[TASK] Leave every picture out and write out the records below exactly.

[ENTRIES SHOWN]
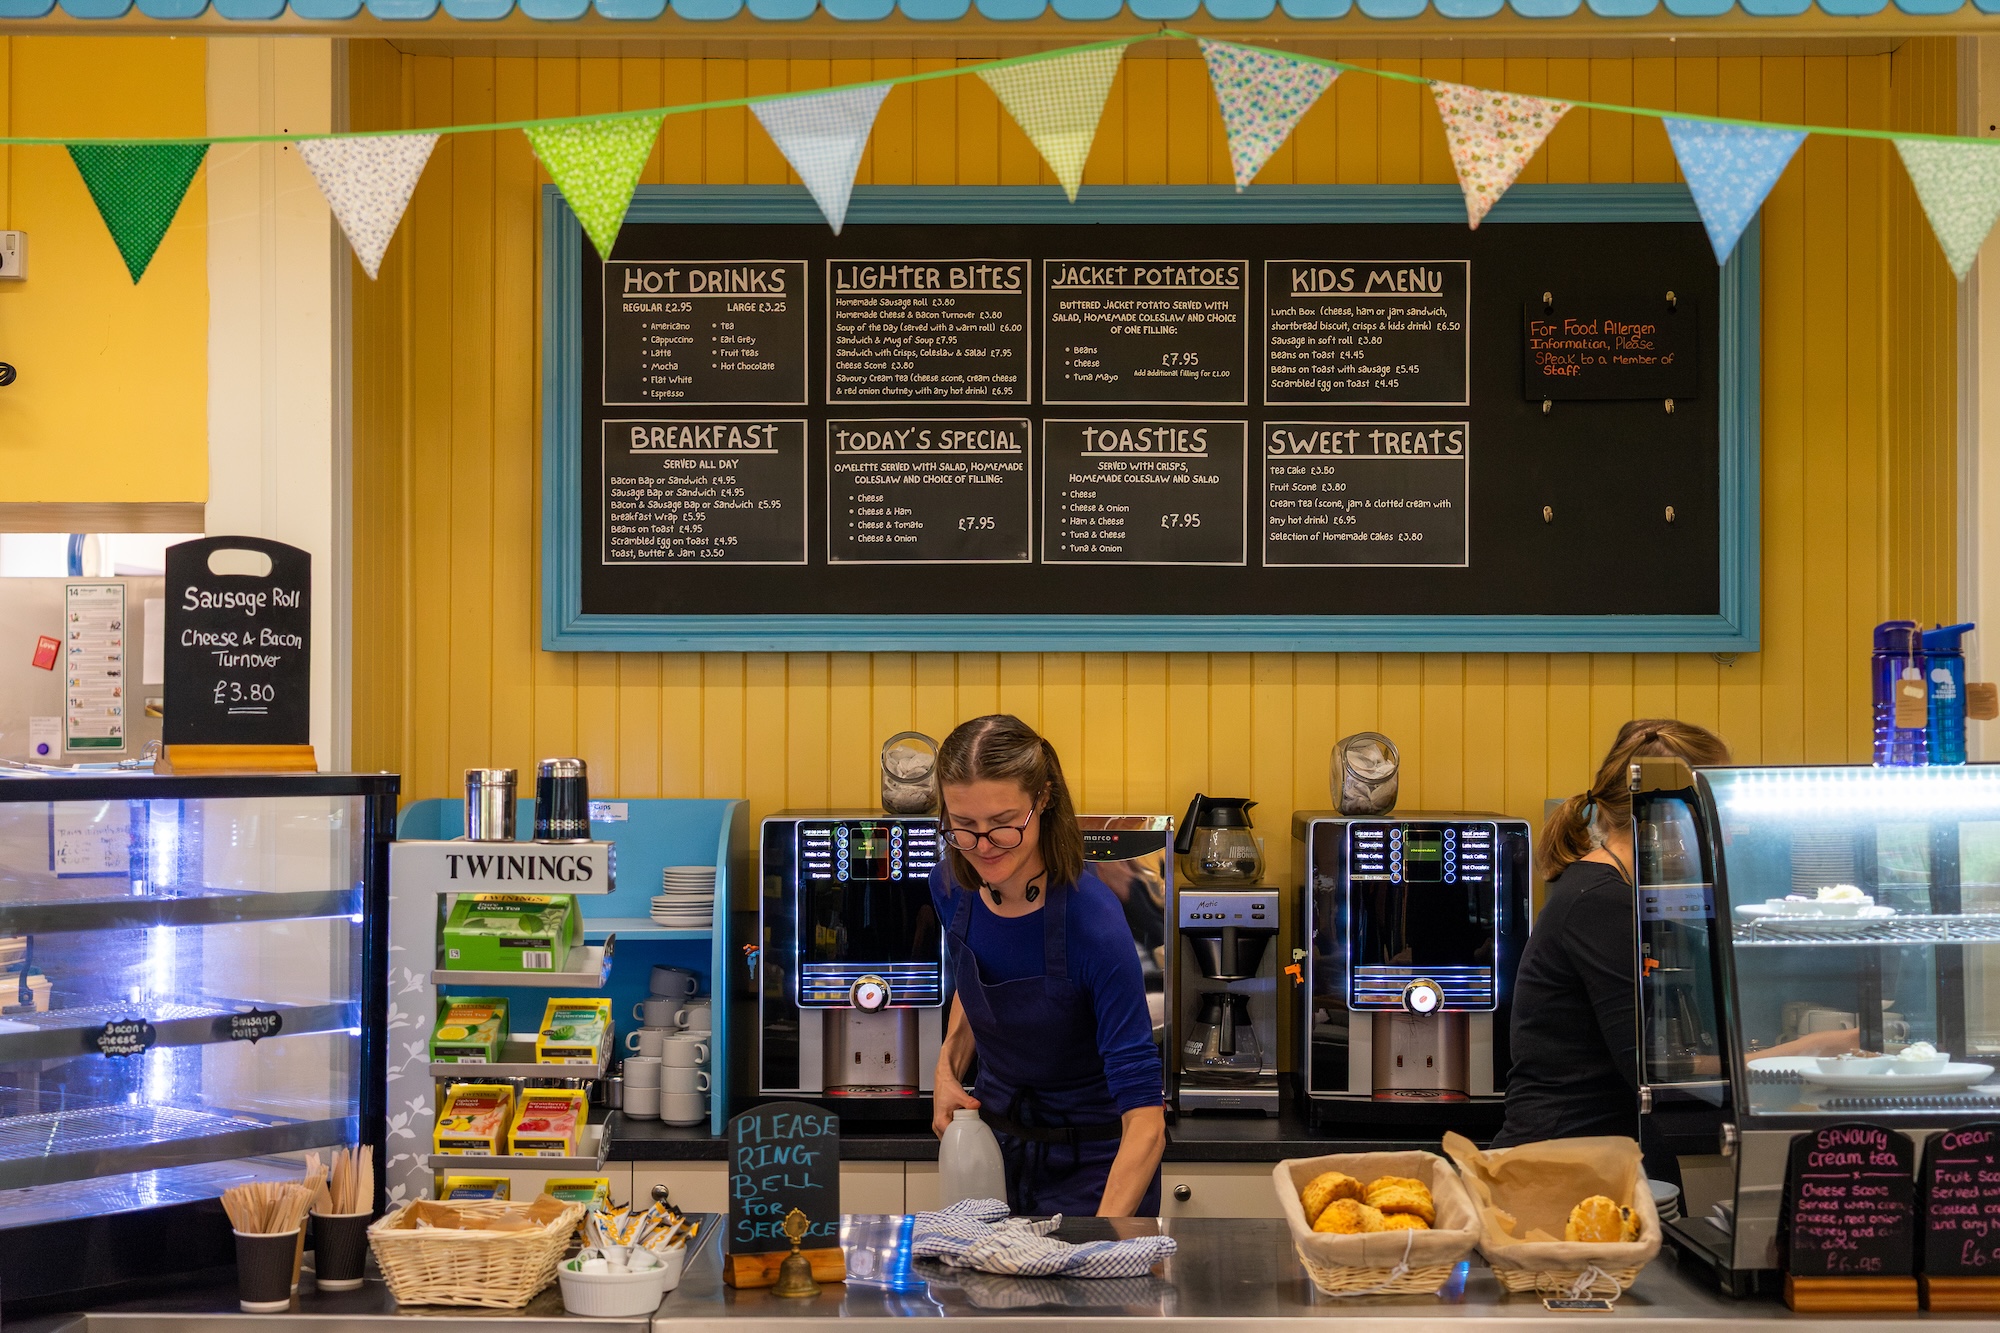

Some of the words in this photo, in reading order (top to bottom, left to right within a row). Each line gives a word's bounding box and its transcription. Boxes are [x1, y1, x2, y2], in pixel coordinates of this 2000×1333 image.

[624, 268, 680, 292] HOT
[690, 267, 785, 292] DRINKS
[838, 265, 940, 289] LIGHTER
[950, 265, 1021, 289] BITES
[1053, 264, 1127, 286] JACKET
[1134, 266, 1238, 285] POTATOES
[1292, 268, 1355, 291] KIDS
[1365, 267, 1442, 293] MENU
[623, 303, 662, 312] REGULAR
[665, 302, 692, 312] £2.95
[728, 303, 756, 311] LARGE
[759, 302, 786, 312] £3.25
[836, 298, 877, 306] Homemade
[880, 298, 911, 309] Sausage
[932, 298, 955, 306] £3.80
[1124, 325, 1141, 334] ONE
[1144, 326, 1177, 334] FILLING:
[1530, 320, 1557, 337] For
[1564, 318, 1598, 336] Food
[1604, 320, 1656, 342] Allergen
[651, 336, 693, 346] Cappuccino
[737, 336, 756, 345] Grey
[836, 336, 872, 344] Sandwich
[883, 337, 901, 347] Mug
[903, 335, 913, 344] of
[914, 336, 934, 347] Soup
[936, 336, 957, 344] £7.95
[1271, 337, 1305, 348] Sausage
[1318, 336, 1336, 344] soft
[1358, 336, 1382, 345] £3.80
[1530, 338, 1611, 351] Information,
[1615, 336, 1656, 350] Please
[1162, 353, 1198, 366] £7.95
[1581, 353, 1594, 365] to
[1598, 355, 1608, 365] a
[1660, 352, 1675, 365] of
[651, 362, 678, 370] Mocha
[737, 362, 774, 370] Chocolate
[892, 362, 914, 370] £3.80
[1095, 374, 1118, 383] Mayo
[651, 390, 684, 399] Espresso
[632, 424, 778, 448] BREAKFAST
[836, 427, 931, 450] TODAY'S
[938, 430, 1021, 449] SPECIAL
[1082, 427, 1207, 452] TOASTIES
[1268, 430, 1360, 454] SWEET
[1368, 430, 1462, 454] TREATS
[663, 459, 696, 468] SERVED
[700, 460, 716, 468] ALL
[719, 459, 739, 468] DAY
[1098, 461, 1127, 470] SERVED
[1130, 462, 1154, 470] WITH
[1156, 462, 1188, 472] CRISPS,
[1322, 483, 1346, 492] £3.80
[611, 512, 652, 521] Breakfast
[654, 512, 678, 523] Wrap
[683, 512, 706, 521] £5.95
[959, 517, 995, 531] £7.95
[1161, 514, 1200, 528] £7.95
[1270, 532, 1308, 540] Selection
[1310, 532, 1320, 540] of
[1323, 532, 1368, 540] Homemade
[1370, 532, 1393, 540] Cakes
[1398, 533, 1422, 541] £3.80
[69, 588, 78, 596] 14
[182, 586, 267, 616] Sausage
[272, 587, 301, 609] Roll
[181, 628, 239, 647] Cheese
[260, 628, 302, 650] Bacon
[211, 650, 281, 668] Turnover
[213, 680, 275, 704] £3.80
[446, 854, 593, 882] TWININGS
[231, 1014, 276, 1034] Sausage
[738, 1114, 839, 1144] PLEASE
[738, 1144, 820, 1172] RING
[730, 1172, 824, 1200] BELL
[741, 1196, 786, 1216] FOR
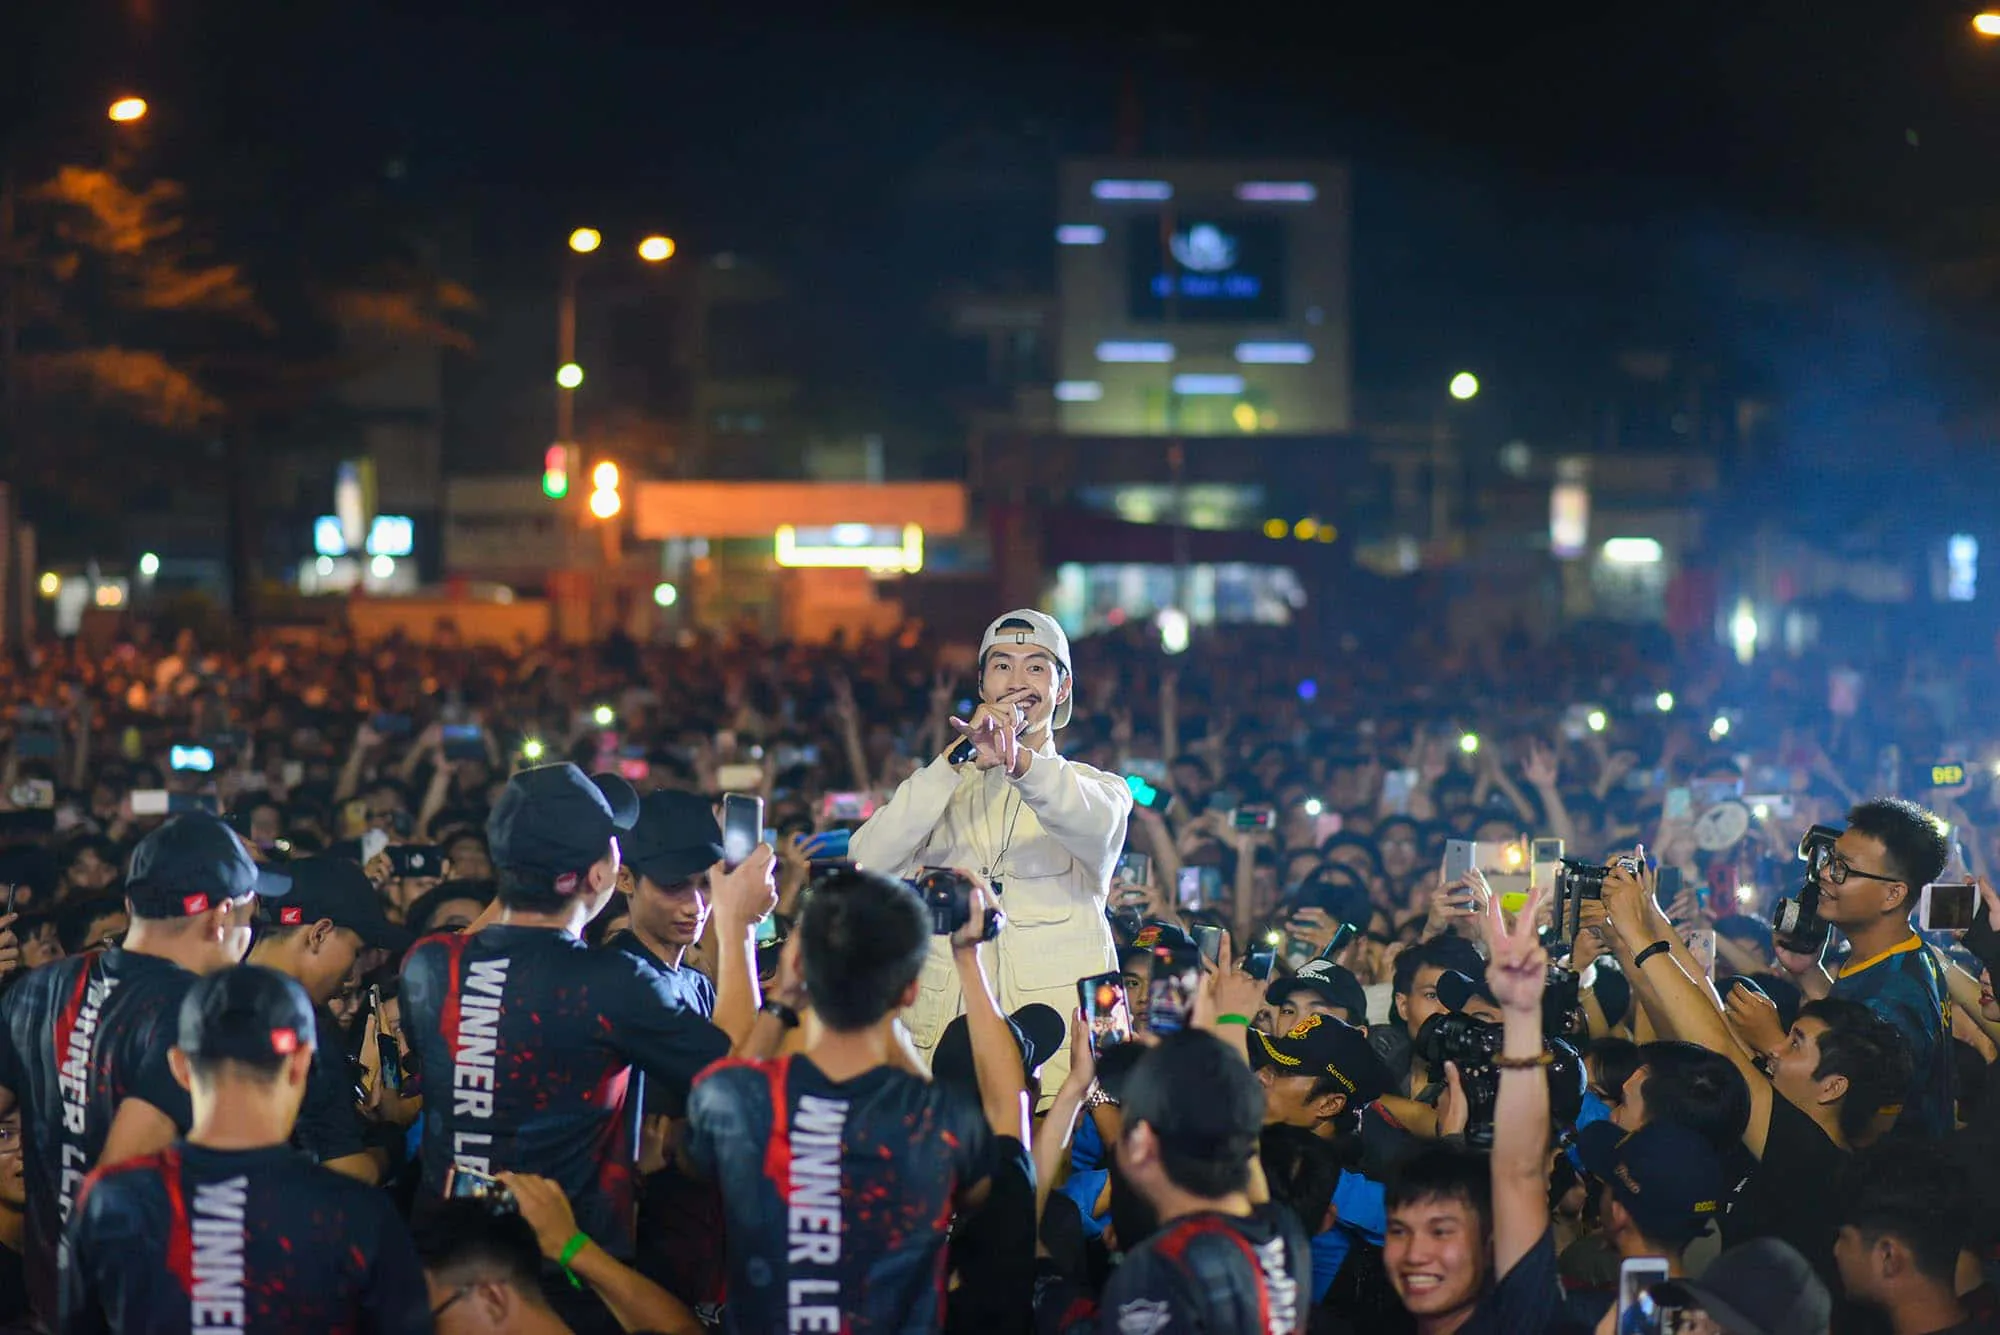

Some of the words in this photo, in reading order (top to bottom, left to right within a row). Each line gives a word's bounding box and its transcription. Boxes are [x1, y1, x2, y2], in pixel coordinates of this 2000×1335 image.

[THE ANSWER]
Some of the words in this photo, in reading order (top to bottom, left to right within a row). Each line gives a word's bounding box and its transcription. Boxes are [x1, y1, x2, y2], in pixel coordinates of this 2000×1333 image.

[624, 268, 680, 292] HOT
[690, 267, 785, 292] DRINKS
[838, 265, 940, 289] LIGHTER
[950, 265, 1021, 289] BITES
[1053, 264, 1127, 286] JACKET
[1134, 266, 1238, 285] POTATOES
[1292, 268, 1355, 291] KIDS
[1365, 267, 1442, 293] MENU
[623, 303, 662, 312] REGULAR
[665, 302, 692, 312] £2.95
[728, 303, 756, 311] LARGE
[759, 302, 786, 312] £3.25
[836, 298, 877, 306] Homemade
[880, 298, 911, 309] Sausage
[932, 298, 955, 306] £3.80
[1124, 325, 1141, 334] ONE
[1144, 326, 1177, 334] FILLING:
[1530, 320, 1557, 337] For
[1564, 318, 1598, 336] Food
[1604, 320, 1656, 342] Allergen
[651, 336, 693, 346] Cappuccino
[737, 336, 756, 345] Grey
[836, 336, 872, 344] Sandwich
[883, 337, 901, 347] Mug
[903, 335, 913, 344] of
[914, 336, 934, 347] Soup
[936, 336, 957, 344] £7.95
[1271, 337, 1305, 348] Sausage
[1318, 336, 1336, 344] soft
[1358, 336, 1382, 345] £3.80
[1530, 338, 1611, 351] Information,
[1615, 336, 1656, 350] Please
[1162, 353, 1198, 366] £7.95
[1581, 353, 1594, 365] to
[1598, 355, 1608, 365] a
[1660, 352, 1675, 365] of
[651, 362, 678, 370] Mocha
[737, 362, 774, 370] Chocolate
[892, 362, 914, 370] £3.80
[1095, 374, 1118, 383] Mayo
[651, 390, 684, 399] Espresso
[632, 424, 778, 448] BREAKFAST
[836, 427, 931, 450] TODAY'S
[938, 430, 1021, 449] SPECIAL
[1082, 427, 1207, 452] TOASTIES
[1268, 430, 1360, 454] SWEET
[1368, 430, 1462, 454] TREATS
[663, 459, 696, 468] SERVED
[700, 460, 716, 468] ALL
[719, 459, 739, 468] DAY
[1098, 461, 1127, 470] SERVED
[1130, 462, 1154, 470] WITH
[1156, 462, 1188, 472] CRISPS,
[1322, 483, 1346, 492] £3.80
[611, 512, 652, 521] Breakfast
[654, 512, 678, 523] Wrap
[683, 512, 706, 521] £5.95
[959, 517, 995, 531] £7.95
[1161, 514, 1200, 528] £7.95
[1270, 532, 1308, 540] Selection
[1310, 532, 1320, 540] of
[1323, 532, 1368, 540] Homemade
[1370, 532, 1393, 540] Cakes
[1398, 533, 1422, 541] £3.80
[69, 588, 78, 596] 14
[182, 586, 267, 616] Sausage
[272, 587, 301, 609] Roll
[181, 628, 239, 647] Cheese
[260, 628, 302, 650] Bacon
[211, 650, 281, 668] Turnover
[213, 680, 275, 704] £3.80
[446, 854, 593, 882] TWININGS
[231, 1014, 276, 1034] Sausage
[738, 1114, 839, 1144] PLEASE
[738, 1144, 820, 1172] RING
[730, 1172, 824, 1200] BELL
[741, 1196, 786, 1216] FOR

Some of the words in this photo, in reading order (top to bottom, left to right within a row). Each line gives a word's bounding box and its transcription. Boxes are [x1, y1, x2, y2], in pixel coordinates of this 2000×1335 image.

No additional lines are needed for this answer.